Most boys think it's cute when you say the wrong thing.
A good friend never judges.
A good foundation will hide all hickeys... not that you have any.
Boys aren't worth your tears.
We all love surprises.
Now... make a wish.
Wish REALLY hard!!
WISH WISH WISH WISH
Your wish has just been recieved.
Copy and Paste this into your profile in the next 15 minutes and...
Your wish will be granted.
This is a true story. A girl died in 1933. A man buried her when she was still alive. The murder chanted, "Toma Sota balcu," as he buried her. Now that you have read this chant, you will meet this little girl. In the middle of the night she will be on your ceiling. She will suffocate you like she was suffocated. If you post this on your profile, she will not bother you. Your kindness will be rewarded. Lucillia
If you have ever run into a door, copy this into your profile.
If you've ever tripped over air, copy this into your profile.
If you get good grades and still know nothing at all, copy and paste this onto your profile.
If you have made up a bunch of strange words that you use frequently, copy and paste this into your profile.
If you have ever gotten so completely sidetracked in a conversation that you don't remember why you were talking in the first place, copy this into your profile.
If keyboards hate you copy and paste this into your profile!
If you would kill to have wings, post this in your profile.
If you have ever zoned out for more than five consecutive minutes, copy this into your profile.
Weird is good. Normal is boring. Being so normal its weird is creepy. Being so weird its normal is cool. Warning people that you are a complete freak when you first meet them, that my friends, is called being sqee. Copy and paste this onto your profile.

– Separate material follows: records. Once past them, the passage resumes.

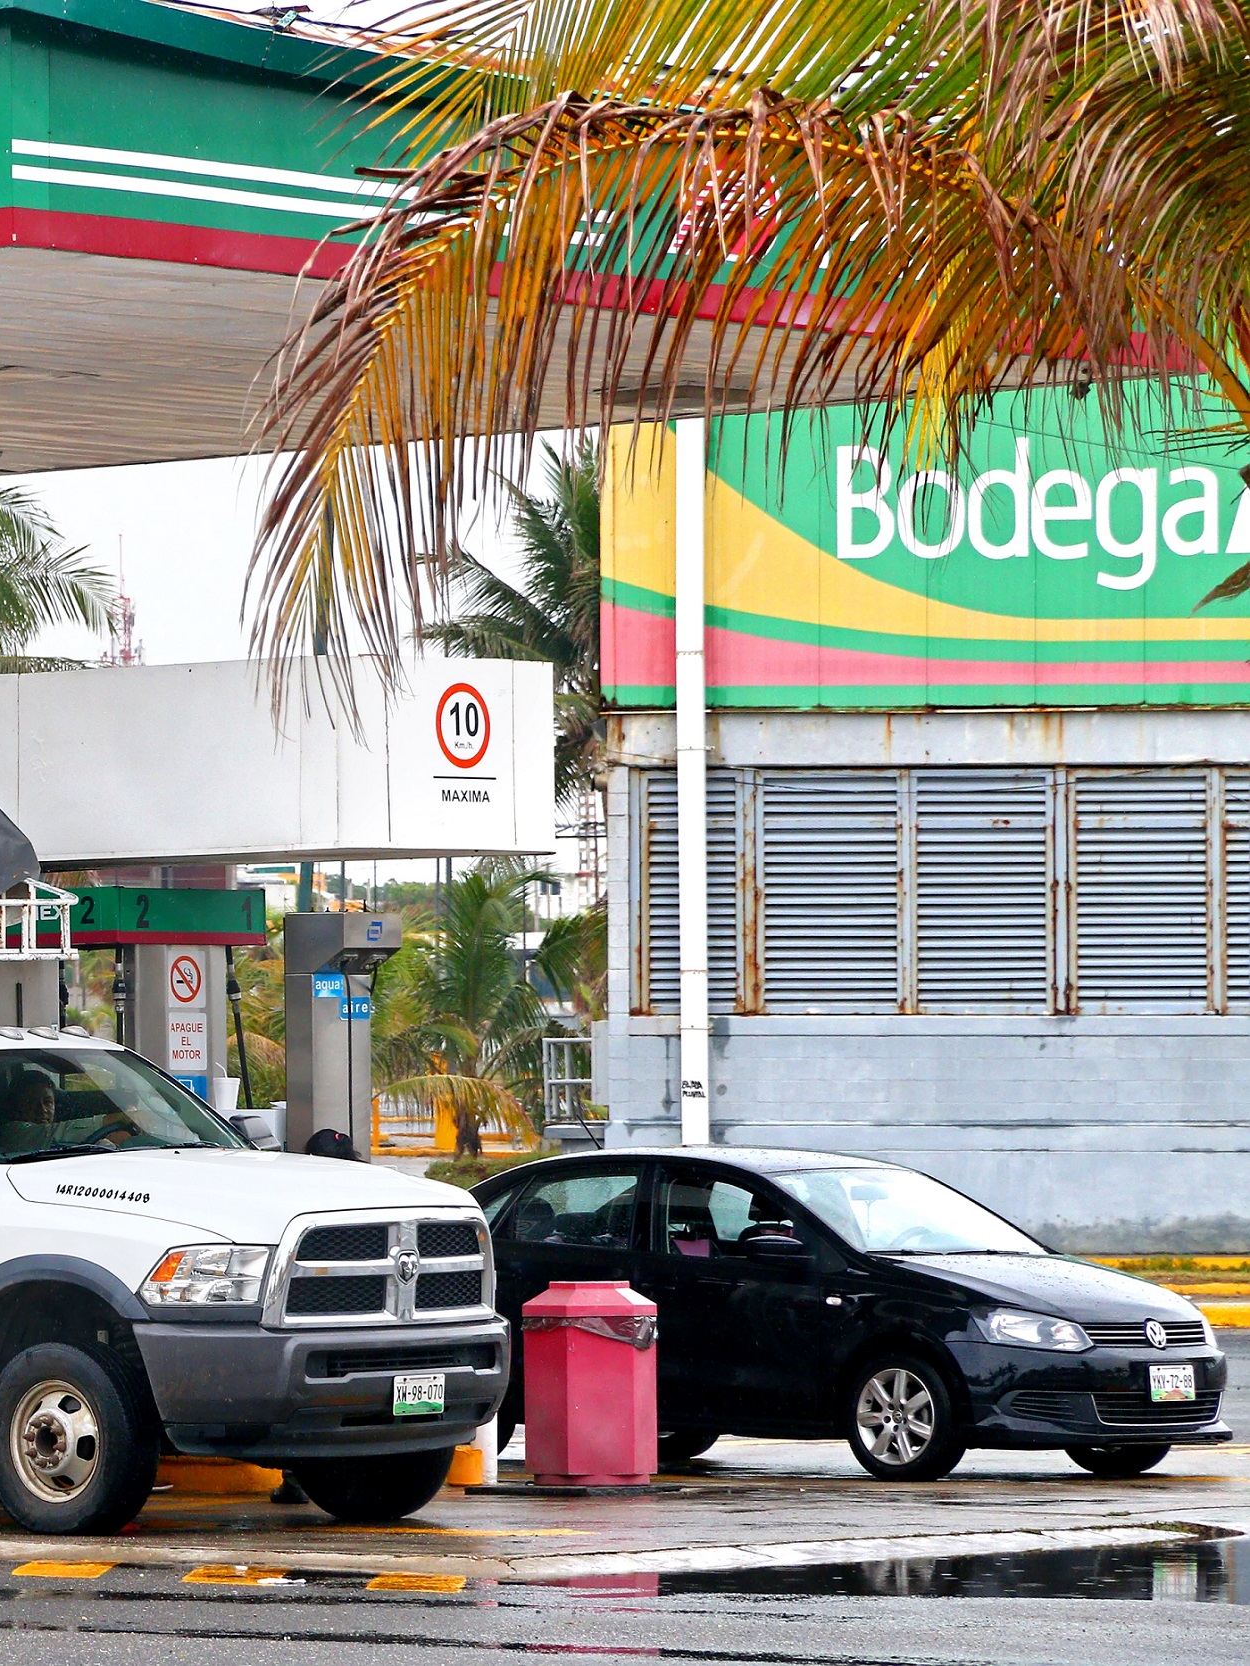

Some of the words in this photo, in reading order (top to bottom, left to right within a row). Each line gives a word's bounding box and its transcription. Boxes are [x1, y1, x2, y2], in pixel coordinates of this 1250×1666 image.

[836, 438, 1218, 590] Bodega
[450, 702, 479, 737] 10
[442, 790, 490, 802] MAXIMA
[80, 895, 95, 924] 2
[136, 894, 150, 929] 2
[241, 896, 252, 931] 1
[315, 980, 340, 991] agua
[170, 1023, 203, 1033] APAGUE
[181, 1036, 191, 1046] EL
[172, 1050, 201, 1059] MOTOR
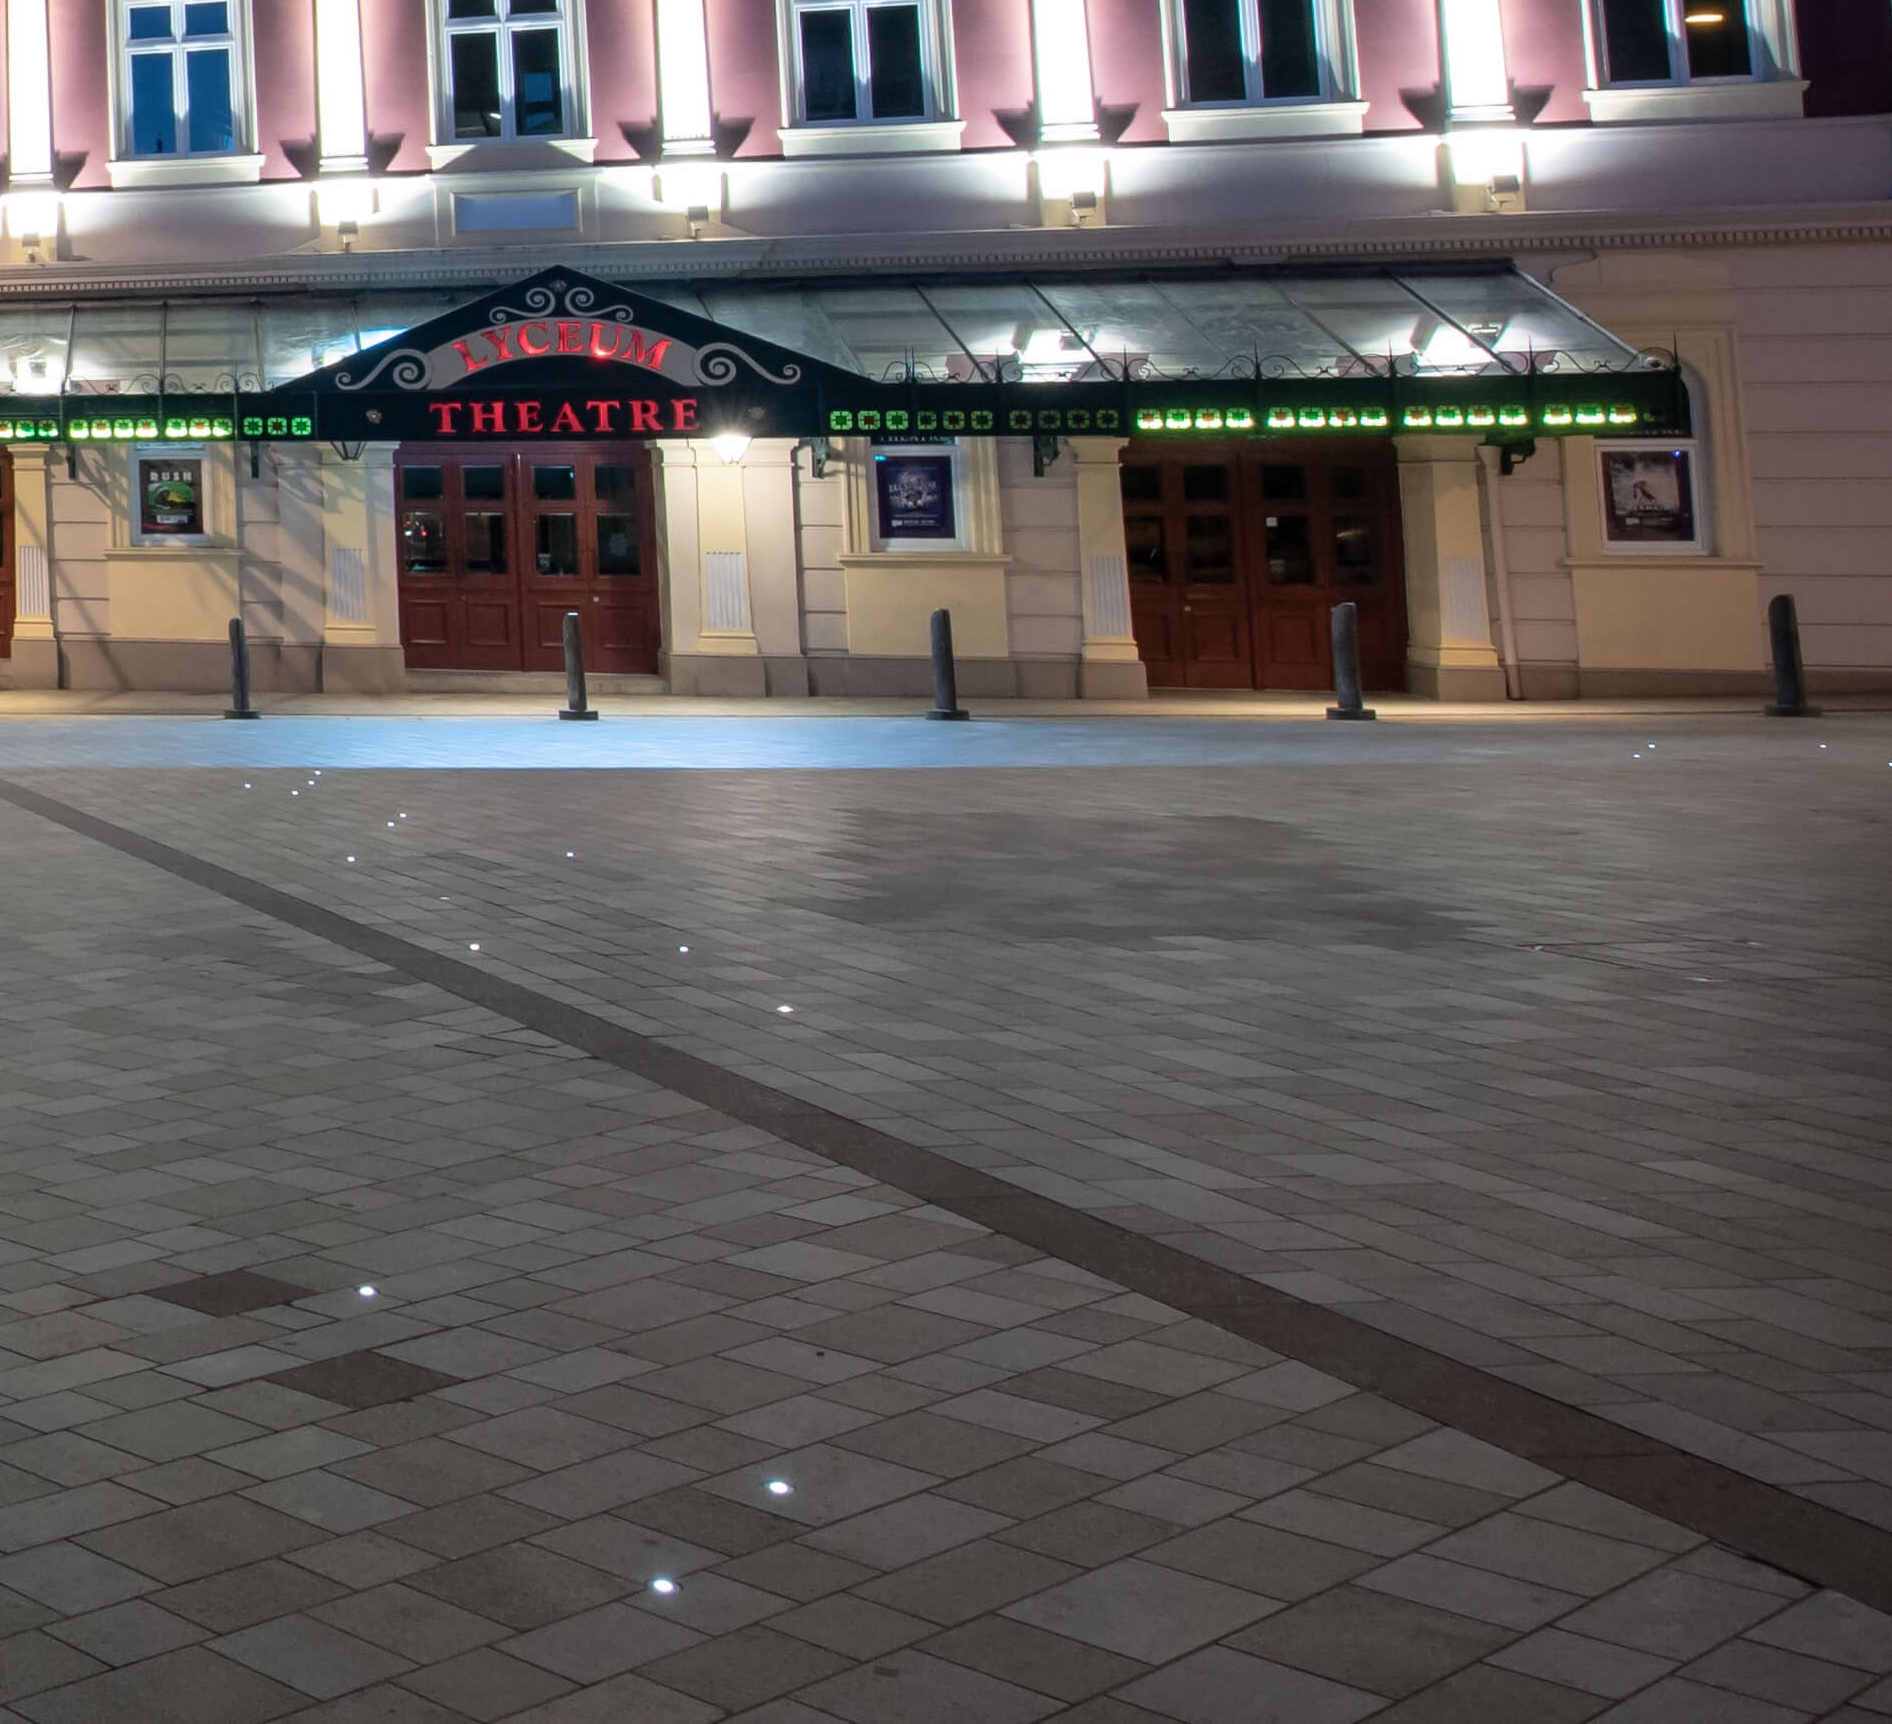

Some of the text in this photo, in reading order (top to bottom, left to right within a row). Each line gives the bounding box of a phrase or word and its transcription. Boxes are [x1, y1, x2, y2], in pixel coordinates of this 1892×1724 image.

[452, 320, 673, 373] LYCEUM
[428, 398, 700, 434] THEATRE
[149, 470, 193, 482] RUSH

If you are Squee, copy and paste this onto your profile.
If you have ever burned any sort of food in the microwave, oven, toaster, or on the stove, copy this into your profile.

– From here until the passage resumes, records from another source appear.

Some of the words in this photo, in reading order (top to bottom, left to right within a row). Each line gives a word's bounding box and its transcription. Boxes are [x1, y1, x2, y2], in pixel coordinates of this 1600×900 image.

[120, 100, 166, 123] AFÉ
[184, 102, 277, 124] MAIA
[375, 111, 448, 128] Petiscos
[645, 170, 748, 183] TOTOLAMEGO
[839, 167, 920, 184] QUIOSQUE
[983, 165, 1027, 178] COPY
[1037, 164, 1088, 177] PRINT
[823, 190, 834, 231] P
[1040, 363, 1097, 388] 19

If, for no warning, you have laughed during a movie part that wasn't funny, put this in your profile.
If you don't watch Laguna Beach or The O.C. or the Hills religiously, never have, never will, and are proud of it, copy and paste this into your profile.
If you have over 300 novels in your room and think its odd people gawk at them, copy this to your profile.
If you have your own little world, copy and paste this into your profile.
If you have ever insulted someone so stupid that they didn't get the insult, copy this into your profile
If you have ever wondered what the afterlife is like, copy this into your profile
If you are insanely weird, copy this into your profile.
If you love the darkness, copy and paste this onto your profile.
If your reading fanfics when your suppose to be studying for a major test the next day, and telling your parents your studying, copy and paste this onto your profile.
If you hate those irritating mosquitoes giving you mosquito bites, copy this in your profile.
If you hate those obnoxious snobby people, PLEASE copy this into your profile.
If you enjoy copying and pasting these copy and paste thingys, copy and paste this onto your profile.
If you've walked under something that was about two feet above your head and ducked anyway copy and paste this is your profile
If someone gave you money for no apparent reason, copy and paste this into your profile.
I like cheese. I have seen purple cows. If two gooses are geese, then why aren't two moose meese, or when two foots are feet, why aren't two footballs feetball? Milk tastes good. People call me crazy, but I'm just random! If you're random and proud of it, copy and paste this in your profile!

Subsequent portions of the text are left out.